Children's abdominal pain can be caused by a variety of things, some of which are common, rare or may be for any other reasons. At some point, the majority of children will experience abdominal pain or soreness.
Without special treatment, many children with stomach pain improve in a matter of hours or days, and frequently there is no underlying cause. With time, the cause may become more apparent, allowing treatment to begin. See the best child specialist in Siliguri if pain or other issues persist.
What Causes Abdominal Pain In Children?
Children commonly experience constipation. A child typically suffers from constipation if they have fewer than two bowel movements per week. The majority of children urinate every two to three days. Breastfed infants may urinate only once per week.
Children, who have unpleasant or painful bowel movement in the past or have frequent constipation, can talk to a pediatric doctor. Encopresis is a condition in which diarrhea leaks around a partially blocked lower bowel because of impacted bowel movement.
Appendicitis is a life-threatening condition. Take your child to the doctor or hospital right away if you think they might have appendicitis. An infection that can be fatal can result from a burst appendix.
The area around the navel, or belly button, is affected by appendicitis. The pain moves to the lower right side of the abdomen and gets worse there. A child who has appendicitis may complain of worsening pain in their stomach, lose appetite, vomit, feel uneasy sitting or standing, and experience pain when moving. They might try to stand still.
Germs that grow in food that hasn't been properly prepared or stored are what cause food poisoning. Similar to gastroenteritis, the symptoms are typically more severe.
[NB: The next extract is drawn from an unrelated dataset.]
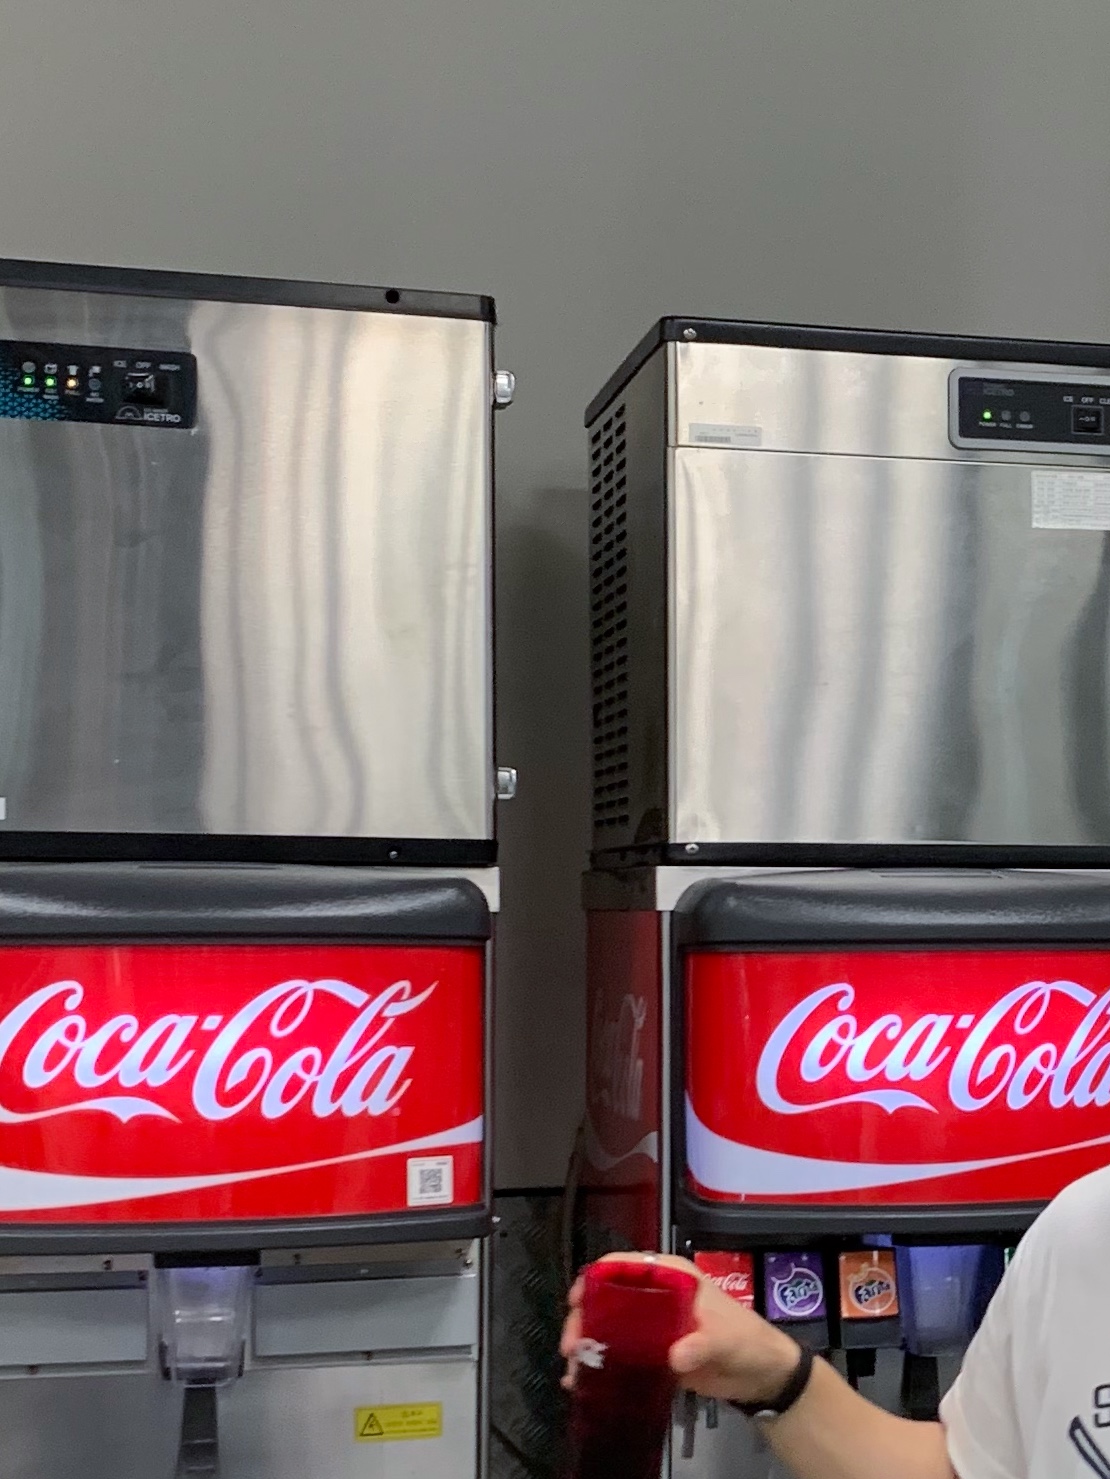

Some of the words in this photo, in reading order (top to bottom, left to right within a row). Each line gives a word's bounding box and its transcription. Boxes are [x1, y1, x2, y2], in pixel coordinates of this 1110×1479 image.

[143, 413, 182, 423] ICETRO
[779, 1280, 818, 1307] Fanta
[854, 1279, 892, 1305] Fanta
Again, infants and young children are more likely than older children to become dehydrated, so extra care should be taken to keep them hydrated. Dehydration can be treated as described below.
Children can get gastroenteritis, which is characterized by abdominal pain, fever, vomiting, and diarrhea. Gastroenteritis can make children and young infants more likely to become dehydrated, so if they develop it, children under the age of six months should see a doctor.
Irritable bowel syndrome
Some children will experience both diarrhea and constipation, while others will alternate between the two. The abdominal pain that comes with regular constipation does not go away when a child has irritable bowel syndrome-caused constipation.
The fact that some children experience recurrent bouts of abdominal pain can cause parents great concern. Visit the best child specialist in Siliguri if you are concerned that your child is developing abdominal pain for any reason.